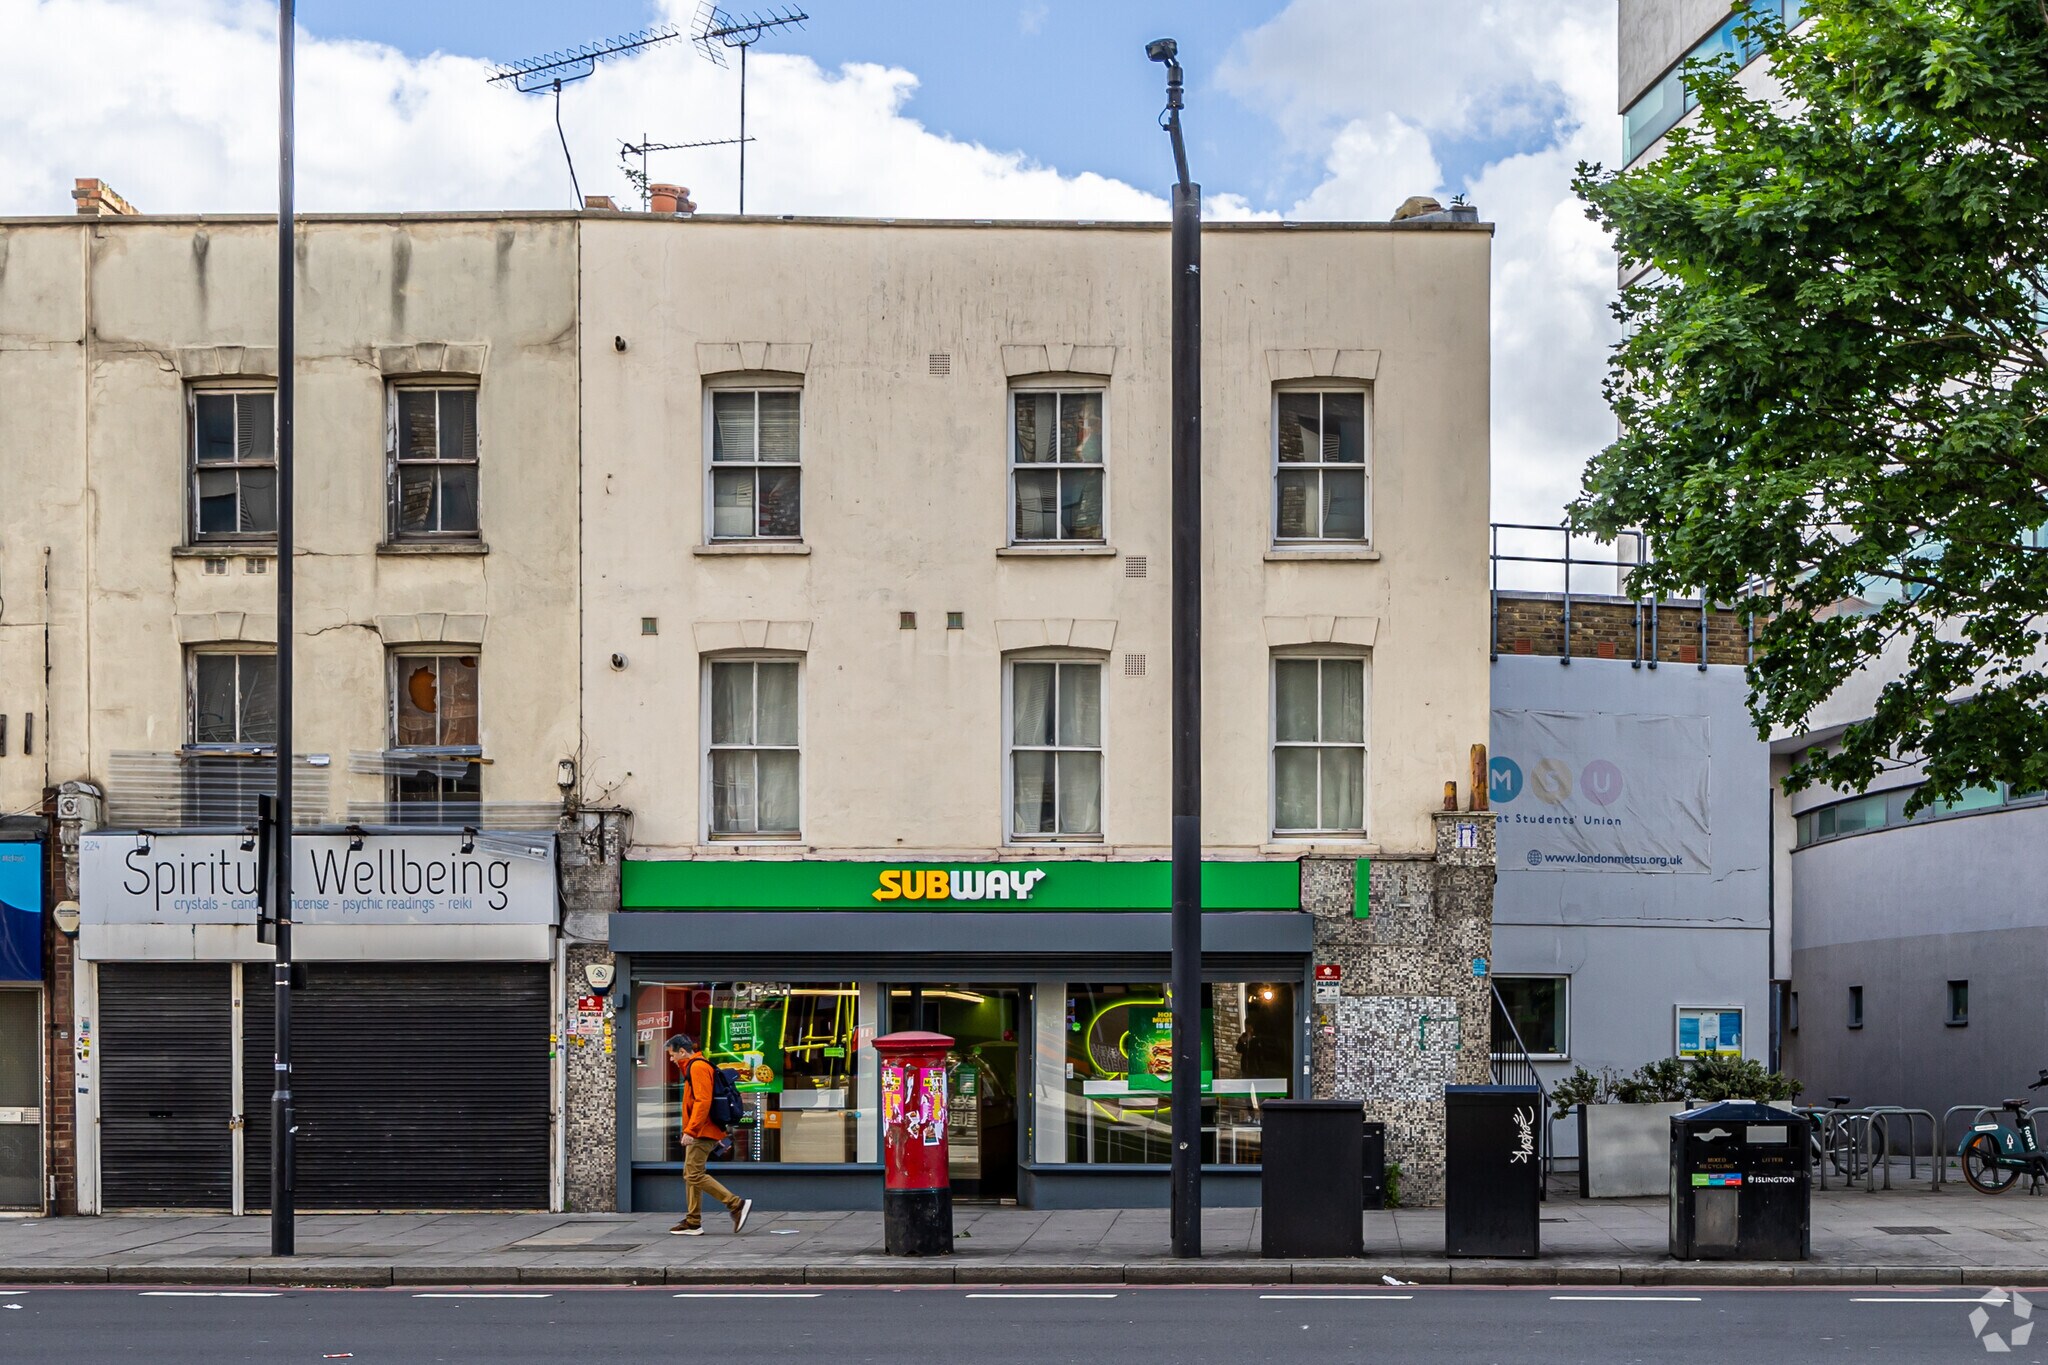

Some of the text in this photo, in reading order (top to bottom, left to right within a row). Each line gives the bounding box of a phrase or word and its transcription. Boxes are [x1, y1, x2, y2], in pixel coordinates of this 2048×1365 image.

[1496, 813, 1622, 826] et Students' Union
[84, 840, 100, 851] 224
[1544, 853, 1683, 867] www.londonmetsu.org.uk
[123, 848, 511, 912] Spiritu Wellbeing
[871, 867, 1047, 902] SUBWAY
[174, 896, 218, 914] crystals
[231, 897, 259, 910] cand
[291, 899, 329, 910] ncense
[342, 897, 383, 914] psychic
[386, 897, 435, 914] readings
[447, 897, 473, 910] reiki
[2023, 1125, 2036, 1151] forest
[1754, 1176, 1795, 1184] ISLINGTON
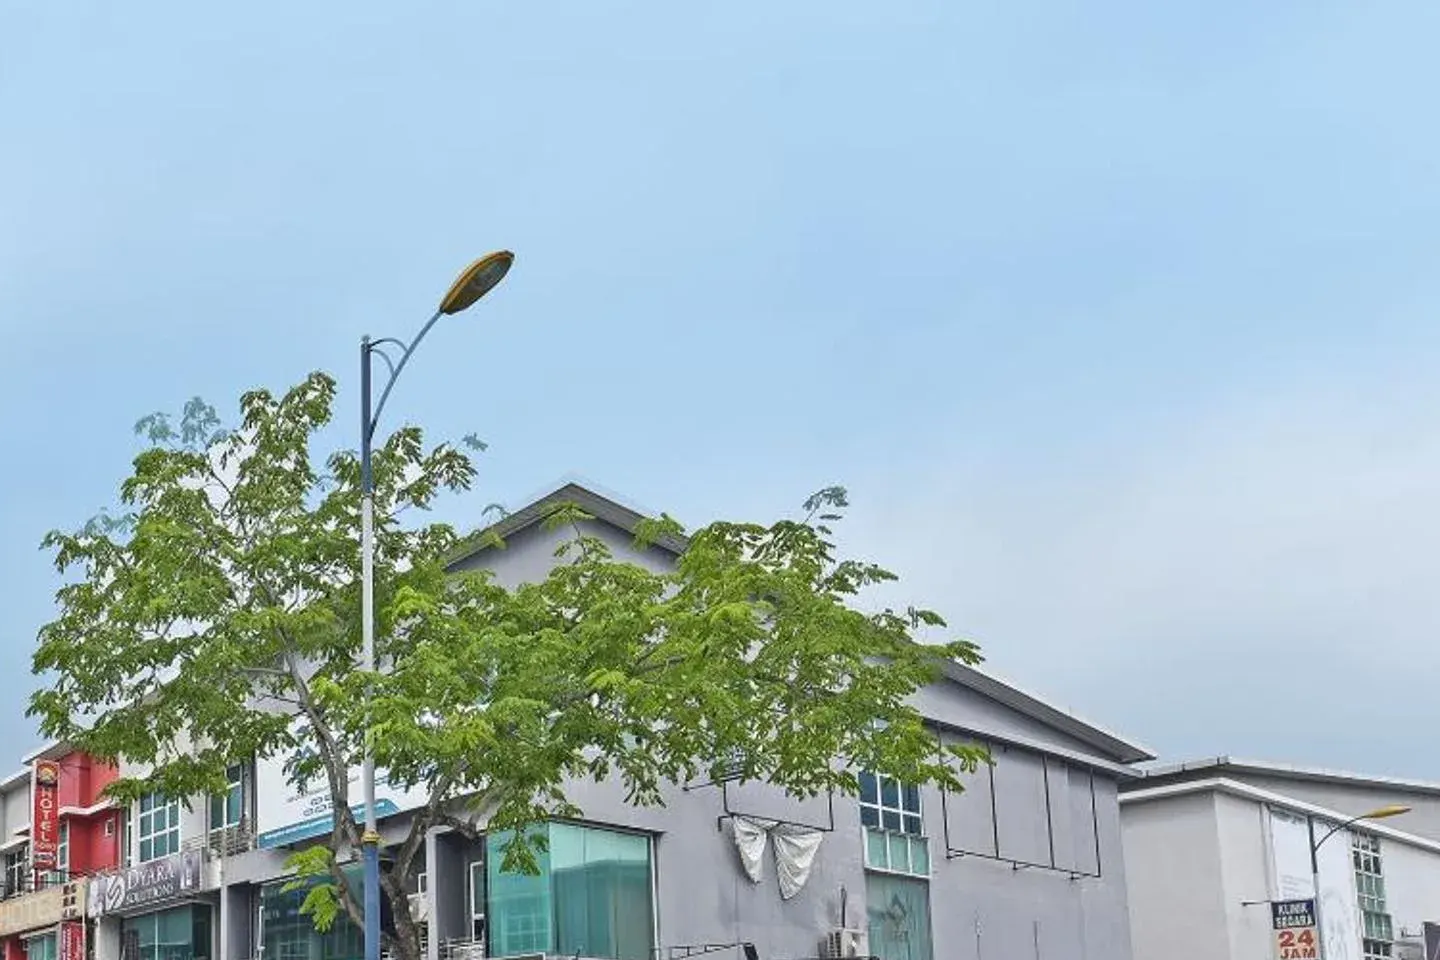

◆ Your task
Reprint all the data above verbatim, excluding pictures.

◆ Task response
Some of the text in this photo, in reading order (top to bottom, left to right within a row). Each line gives the bounding box of a phrase or word and its transcription. Boxes are [x1, y1, x2, y2], in pixel coordinates of this 2048×1365 image.

[1496, 813, 1622, 826] et Students' Union
[84, 840, 100, 851] 224
[1544, 853, 1683, 867] www.londonmetsu.org.uk
[123, 848, 511, 912] Spiritu Wellbeing
[871, 867, 1047, 902] SUBWAY
[174, 896, 218, 914] crystals
[231, 897, 259, 910] cand
[291, 899, 329, 910] ncense
[342, 897, 383, 914] psychic
[386, 897, 435, 914] readings
[447, 897, 473, 910] reiki
[2023, 1125, 2036, 1151] forest
[1754, 1176, 1795, 1184] ISLINGTON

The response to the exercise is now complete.